Leva menjegalnya. Well, ia menyakiti Aira, pria tua pencuri ini butuh lebih dari sekedar sebuah jegalan tepat di kaki.
"Sudah cukup berlarinya, pencuri." Ia menelengkan kepalanya ke kanan dan ke kiri, menimbulkan bunyi 'klak klak' dari otot-ototnya yang terasa kaku. Sudah lama gadis itu tidak berlari, apalagi dengan mengenakan setelan resmi istana seperti ini. Helaan nafas keluar dari bibirnya, ia tidak suka ada satu tetes kerusuhan dari sebuah acara dimana ia memiliki andil di dalamnya.
Pria itu tersungkur, dengan wajah mencumbu tanah; merutuki ketidak-adilan yang menimpanya karena gadis ini. Ia bahkan tidak sadar ketika iblis sudah merasuk hatinya dan membuat niat buruk yang awalnya hanya berada di angan kini mulai muncul ke permukaan. Dan saat itulah Leva sadar bahwa ia berada dalam bahaya.
Sebuah pisau, tipis dan tajam, kini sudah tergenggam erat olehnya. Leva tidak bisa berkutik.
"K-Karenamu, ini s-semua karenamu. Jika s-saja k-kau tidak menggangguku!"
Leva bisa saja terkena sabetan pisau pendeknya itu jika ia telat barang satu detik saja beranjak dari tempatnya. Tusukannya amatir, namun yang namanya pria tetap pria, dan Leva bukanlah gadis seperti Kiki yang bisa dengan mudahnya mengungguli seorang lelaki.
"INI SEMUA KARENAMU!"
Leva menutup mata, pasrah.
KRANGG–
BRAKK–
Gadis bersurai pucat itu berkedip sejenak, seorang pria di depannya, dan si pencuri itu tersungkur di tanah. Apa yang baru saja terjadi?
"A-Anu," Levanthine mencicit, entah kenapa melihat pria berjubah di hadapannya ia agak ciut nyali.
"Berhati-hatilah, Yang Mulia Levanthine." Dan pria itu berjalan pergi, meninggalkan bekas goresan pisau pada bahu kanan sang pencuri, dan meninggalkan Leva dalam keadaan terduduk di tanah.
"HIME-SAMA!"
"E-Eh?

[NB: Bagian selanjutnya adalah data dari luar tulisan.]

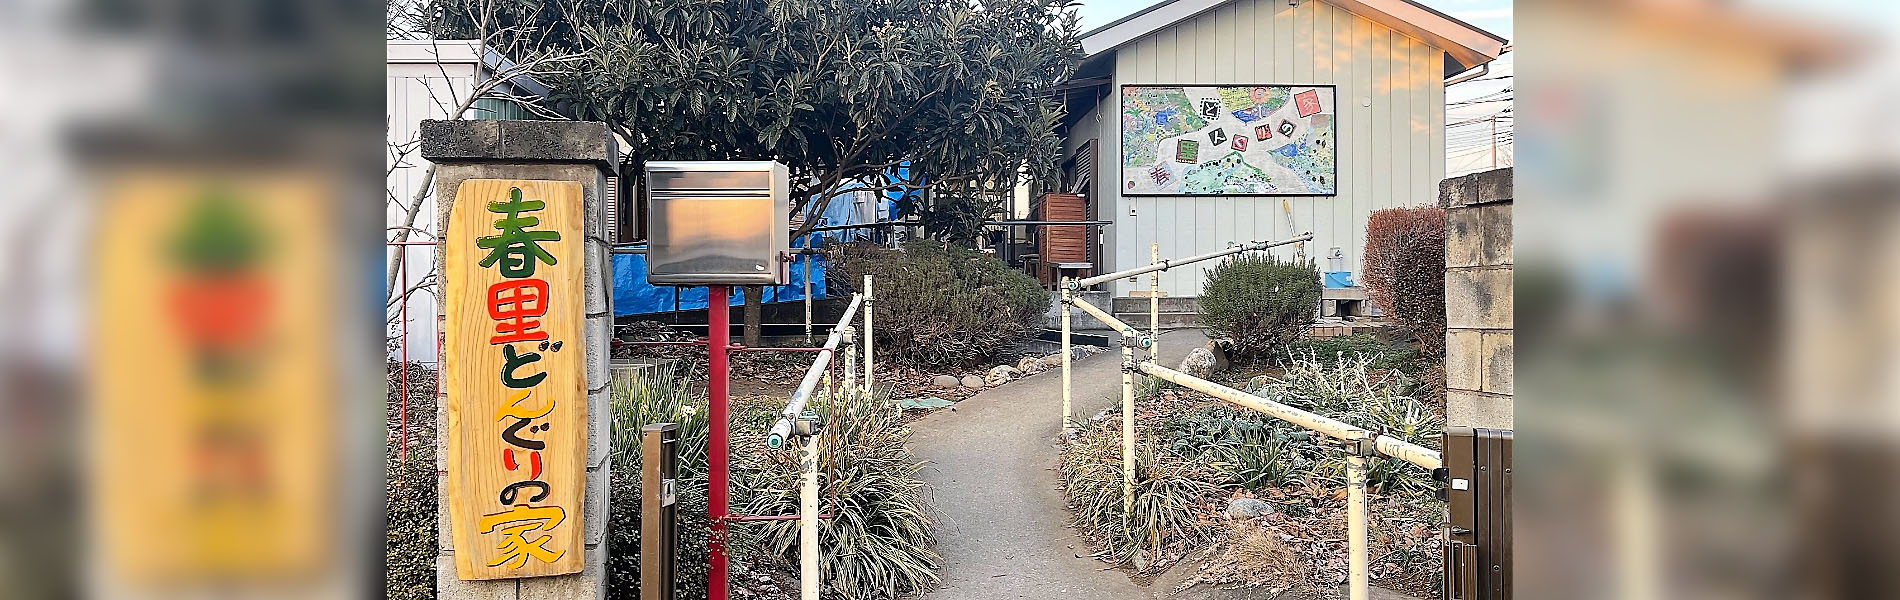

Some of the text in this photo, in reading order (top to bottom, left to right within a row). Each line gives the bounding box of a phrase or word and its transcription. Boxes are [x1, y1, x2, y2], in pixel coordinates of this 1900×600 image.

[476, 187, 567, 569] 春里どんぐりの家

Obi?"
Obi melihatnya, hanya saja ia terlambat bertindak, sehingga kini ia hanya menjadi seakan pahlawan kesiangan yang datang tanpa mampu melakukan apapun. Well, setidaknya ia membawa dua orang penjaga kerajaan yang langsung membekukan pencuri kelas teri itu.
Jika saja Leva tidak butuh pertolongan medis sesegera mungkin, Obi bersumpah ia benar-benar akan menjitak dahi gadis ceroboh itu.
Obi menarik perlahan pergelangan tangan kanan Leva sembari melingkarkan lengannya pada bahu sang gadis; membantunya untuk berdiri. Kedua netranya masih memaku fokus pada sosok yang baru saja menyelamatkan tuan puterinya, pria itu. "Ne, Hime-sama, kau mengenalnya? Pria itu."
Leva mengerjap, "Siapa?"
Oh, dia tidak mengenalnya. Pria yang sama yang kulihat di gerbang. Pria kekar aneh dengan tato kupu-kupu berwarna biru–dan bekas luka bakar di balik surai merah menyalanya yang ia tutup rapat dengan jubah.
Pria itu, berbahaya, jika bukan sebagai kawan. Setidaknya menurut insting Obi.
"Kita kembali ke istana, Leva-hime."
"Hm."
.
.
.
To be continued
Haloo, it's been so long since I write this fanfic. I'd like to share to all of you, that maybe this ffn will take some slow-update-moment, because of the hectic in my everyday life, I'm so sorry:((
But believe me that I'll guarantee you that I'll never take down this ffn. I will continue it until the end!
nb: jujur guys, ini aslinya di otakku tidak sepanjang ini tapi begitu menulis eee keterusan dong smpe 3k wkwk hope u enjoy it all!